-- Assignment --
Only the lines from the one containing "this 2040×1536 image." through the end of the listing below are to be reproduced, exactly as they stand.
● ● ● ● ●
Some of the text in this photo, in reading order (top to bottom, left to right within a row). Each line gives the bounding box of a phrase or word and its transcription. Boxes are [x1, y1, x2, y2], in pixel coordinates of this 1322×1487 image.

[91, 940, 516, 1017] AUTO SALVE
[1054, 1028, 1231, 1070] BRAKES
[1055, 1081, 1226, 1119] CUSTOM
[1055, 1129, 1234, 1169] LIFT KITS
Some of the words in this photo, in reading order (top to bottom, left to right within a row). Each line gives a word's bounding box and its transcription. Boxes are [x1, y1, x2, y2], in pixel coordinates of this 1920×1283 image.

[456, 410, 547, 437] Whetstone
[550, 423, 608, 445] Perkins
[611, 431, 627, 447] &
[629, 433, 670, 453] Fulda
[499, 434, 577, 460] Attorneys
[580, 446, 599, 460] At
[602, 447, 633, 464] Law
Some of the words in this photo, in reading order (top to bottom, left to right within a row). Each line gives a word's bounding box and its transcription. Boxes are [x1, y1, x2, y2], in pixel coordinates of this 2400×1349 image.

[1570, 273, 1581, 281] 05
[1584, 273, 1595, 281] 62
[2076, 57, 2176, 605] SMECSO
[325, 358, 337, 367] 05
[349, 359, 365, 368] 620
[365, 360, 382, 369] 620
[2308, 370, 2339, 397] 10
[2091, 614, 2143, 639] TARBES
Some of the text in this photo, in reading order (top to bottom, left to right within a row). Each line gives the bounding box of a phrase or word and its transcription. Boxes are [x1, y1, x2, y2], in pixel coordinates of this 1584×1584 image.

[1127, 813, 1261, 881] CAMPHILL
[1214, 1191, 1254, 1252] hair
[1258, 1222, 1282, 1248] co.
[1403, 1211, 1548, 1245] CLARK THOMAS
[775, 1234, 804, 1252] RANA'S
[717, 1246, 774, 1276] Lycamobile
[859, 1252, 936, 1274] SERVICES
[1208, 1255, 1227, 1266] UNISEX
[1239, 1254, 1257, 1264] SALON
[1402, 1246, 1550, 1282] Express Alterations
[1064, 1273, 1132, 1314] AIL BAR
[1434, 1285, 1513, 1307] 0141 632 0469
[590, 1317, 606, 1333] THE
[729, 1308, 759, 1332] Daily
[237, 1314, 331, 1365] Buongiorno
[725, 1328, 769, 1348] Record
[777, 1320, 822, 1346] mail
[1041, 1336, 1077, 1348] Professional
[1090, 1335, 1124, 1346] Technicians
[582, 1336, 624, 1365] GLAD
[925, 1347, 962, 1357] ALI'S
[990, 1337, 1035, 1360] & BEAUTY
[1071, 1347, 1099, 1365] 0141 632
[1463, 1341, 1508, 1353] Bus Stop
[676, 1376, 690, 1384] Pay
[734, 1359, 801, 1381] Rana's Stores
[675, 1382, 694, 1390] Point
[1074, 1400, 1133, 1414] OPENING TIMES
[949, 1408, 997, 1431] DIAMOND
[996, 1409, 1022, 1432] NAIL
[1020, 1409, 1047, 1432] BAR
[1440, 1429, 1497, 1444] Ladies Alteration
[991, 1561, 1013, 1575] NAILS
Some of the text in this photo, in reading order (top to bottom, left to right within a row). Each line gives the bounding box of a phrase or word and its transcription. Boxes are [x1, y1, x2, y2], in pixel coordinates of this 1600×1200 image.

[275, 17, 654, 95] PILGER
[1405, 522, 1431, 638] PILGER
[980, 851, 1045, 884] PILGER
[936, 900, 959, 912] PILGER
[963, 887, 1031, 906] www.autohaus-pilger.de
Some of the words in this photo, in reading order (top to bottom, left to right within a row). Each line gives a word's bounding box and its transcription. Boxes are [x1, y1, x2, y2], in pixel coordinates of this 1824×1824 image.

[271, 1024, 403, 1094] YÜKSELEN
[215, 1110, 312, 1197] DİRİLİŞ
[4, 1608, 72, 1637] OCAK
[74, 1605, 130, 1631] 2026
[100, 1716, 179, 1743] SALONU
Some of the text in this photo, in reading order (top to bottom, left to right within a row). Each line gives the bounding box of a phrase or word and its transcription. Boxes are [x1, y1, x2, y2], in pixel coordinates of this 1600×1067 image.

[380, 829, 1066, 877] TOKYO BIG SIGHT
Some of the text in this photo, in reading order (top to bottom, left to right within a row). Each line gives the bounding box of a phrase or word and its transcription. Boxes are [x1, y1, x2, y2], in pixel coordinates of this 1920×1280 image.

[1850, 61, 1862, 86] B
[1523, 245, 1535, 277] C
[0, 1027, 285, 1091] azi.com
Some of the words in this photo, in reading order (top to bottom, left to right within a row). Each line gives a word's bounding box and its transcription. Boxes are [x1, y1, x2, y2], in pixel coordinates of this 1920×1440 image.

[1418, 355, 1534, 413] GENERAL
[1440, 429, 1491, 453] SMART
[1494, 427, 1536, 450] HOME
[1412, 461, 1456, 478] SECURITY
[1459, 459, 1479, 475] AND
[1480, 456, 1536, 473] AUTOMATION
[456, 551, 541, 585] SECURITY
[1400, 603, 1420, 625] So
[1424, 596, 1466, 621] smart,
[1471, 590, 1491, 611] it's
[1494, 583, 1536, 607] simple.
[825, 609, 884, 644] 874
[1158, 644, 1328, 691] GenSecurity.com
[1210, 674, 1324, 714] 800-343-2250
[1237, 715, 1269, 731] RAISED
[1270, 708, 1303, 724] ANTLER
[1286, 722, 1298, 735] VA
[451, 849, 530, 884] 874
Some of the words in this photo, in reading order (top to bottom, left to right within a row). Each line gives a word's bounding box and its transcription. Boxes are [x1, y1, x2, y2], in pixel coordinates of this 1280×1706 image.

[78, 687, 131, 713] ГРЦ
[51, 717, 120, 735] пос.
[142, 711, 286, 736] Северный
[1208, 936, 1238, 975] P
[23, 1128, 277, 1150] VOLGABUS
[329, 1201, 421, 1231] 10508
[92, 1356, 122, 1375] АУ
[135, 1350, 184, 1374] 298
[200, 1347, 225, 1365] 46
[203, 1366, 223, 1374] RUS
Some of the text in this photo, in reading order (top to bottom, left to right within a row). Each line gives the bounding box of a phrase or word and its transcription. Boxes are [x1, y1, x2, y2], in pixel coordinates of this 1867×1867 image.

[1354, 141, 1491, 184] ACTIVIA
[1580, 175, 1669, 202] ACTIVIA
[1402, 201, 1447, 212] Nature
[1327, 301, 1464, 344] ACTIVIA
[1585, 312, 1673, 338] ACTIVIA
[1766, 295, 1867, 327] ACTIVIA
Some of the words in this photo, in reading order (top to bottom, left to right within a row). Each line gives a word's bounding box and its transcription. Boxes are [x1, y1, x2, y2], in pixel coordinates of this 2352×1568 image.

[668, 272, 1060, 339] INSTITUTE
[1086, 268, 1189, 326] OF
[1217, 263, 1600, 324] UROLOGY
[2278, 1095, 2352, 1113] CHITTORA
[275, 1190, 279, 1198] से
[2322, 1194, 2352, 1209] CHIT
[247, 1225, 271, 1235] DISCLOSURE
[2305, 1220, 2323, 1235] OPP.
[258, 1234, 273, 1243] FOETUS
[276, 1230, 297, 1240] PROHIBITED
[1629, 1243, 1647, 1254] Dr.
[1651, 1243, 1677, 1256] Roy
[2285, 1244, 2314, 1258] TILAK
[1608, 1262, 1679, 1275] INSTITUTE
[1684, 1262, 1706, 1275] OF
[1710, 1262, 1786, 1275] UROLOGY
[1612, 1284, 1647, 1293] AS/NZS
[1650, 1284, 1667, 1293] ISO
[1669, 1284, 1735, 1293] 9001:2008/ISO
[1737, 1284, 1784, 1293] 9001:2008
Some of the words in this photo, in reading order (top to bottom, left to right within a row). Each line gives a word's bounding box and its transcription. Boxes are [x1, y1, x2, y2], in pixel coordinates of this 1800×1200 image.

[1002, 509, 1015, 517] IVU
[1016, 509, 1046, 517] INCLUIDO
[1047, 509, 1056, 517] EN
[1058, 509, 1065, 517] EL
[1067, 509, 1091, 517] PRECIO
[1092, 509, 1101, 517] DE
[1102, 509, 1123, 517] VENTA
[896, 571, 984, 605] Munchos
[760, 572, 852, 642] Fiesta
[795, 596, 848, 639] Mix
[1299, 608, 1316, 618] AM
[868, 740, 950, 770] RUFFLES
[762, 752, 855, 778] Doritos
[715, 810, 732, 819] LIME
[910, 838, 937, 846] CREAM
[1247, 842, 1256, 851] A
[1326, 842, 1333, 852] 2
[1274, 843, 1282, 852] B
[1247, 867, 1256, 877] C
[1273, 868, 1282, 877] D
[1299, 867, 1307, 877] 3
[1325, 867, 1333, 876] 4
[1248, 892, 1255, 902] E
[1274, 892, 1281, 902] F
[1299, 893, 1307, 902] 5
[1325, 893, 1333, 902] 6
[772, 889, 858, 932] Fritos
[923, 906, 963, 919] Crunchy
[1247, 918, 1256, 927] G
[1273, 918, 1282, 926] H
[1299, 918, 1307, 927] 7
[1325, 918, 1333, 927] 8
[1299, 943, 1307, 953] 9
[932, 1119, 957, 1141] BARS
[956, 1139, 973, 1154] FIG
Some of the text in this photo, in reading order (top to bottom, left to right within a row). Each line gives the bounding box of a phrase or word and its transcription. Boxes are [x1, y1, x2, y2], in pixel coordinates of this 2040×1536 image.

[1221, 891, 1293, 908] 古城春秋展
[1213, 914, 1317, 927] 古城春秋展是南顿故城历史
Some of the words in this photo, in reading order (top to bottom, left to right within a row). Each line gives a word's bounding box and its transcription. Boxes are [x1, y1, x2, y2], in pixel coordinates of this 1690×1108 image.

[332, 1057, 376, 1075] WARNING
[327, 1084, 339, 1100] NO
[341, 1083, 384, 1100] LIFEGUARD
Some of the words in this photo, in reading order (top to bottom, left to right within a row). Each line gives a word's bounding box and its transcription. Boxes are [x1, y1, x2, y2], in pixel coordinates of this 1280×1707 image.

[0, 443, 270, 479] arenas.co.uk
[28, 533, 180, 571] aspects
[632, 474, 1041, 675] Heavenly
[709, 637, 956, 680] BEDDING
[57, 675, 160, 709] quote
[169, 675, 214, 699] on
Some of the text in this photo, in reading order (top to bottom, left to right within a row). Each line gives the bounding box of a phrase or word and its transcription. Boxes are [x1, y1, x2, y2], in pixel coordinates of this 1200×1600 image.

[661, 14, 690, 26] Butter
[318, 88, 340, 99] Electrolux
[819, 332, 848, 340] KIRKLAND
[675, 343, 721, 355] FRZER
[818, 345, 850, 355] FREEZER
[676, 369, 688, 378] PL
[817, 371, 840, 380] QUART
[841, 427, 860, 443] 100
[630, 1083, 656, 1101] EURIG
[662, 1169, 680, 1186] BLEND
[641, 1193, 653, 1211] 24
● ● ● ● ●
-- Response to the exercise --
Some of the text in this photo, in reading order (top to bottom, left to right within a row). Each line gives the bounding box of a phrase or word and its transcription. Boxes are [x1, y1, x2, y2], in pixel coordinates of this 2040×1536 image.

[1221, 891, 1293, 908] 古城春秋展
[1213, 914, 1317, 927] 古城春秋展是南顿故城历史
Some of the words in this photo, in reading order (top to bottom, left to right within a row). Each line gives a word's bounding box and its transcription. Boxes are [x1, y1, x2, y2], in pixel coordinates of this 1690×1108 image.

[332, 1057, 376, 1075] WARNING
[327, 1084, 339, 1100] NO
[341, 1083, 384, 1100] LIFEGUARD
Some of the words in this photo, in reading order (top to bottom, left to right within a row). Each line gives a word's bounding box and its transcription. Boxes are [x1, y1, x2, y2], in pixel coordinates of this 1280×1707 image.

[0, 443, 270, 479] arenas.co.uk
[28, 533, 180, 571] aspects
[632, 474, 1041, 675] Heavenly
[709, 637, 956, 680] BEDDING
[57, 675, 160, 709] quote
[169, 675, 214, 699] on
Some of the text in this photo, in reading order (top to bottom, left to right within a row). Each line gives the bounding box of a phrase or word and its transcription. Boxes are [x1, y1, x2, y2], in pixel coordinates of this 1200×1600 image.

[661, 14, 690, 26] Butter
[318, 88, 340, 99] Electrolux
[819, 332, 848, 340] KIRKLAND
[675, 343, 721, 355] FRZER
[818, 345, 850, 355] FREEZER
[676, 369, 688, 378] PL
[817, 371, 840, 380] QUART
[841, 427, 860, 443] 100
[630, 1083, 656, 1101] EURIG
[662, 1169, 680, 1186] BLEND
[641, 1193, 653, 1211] 24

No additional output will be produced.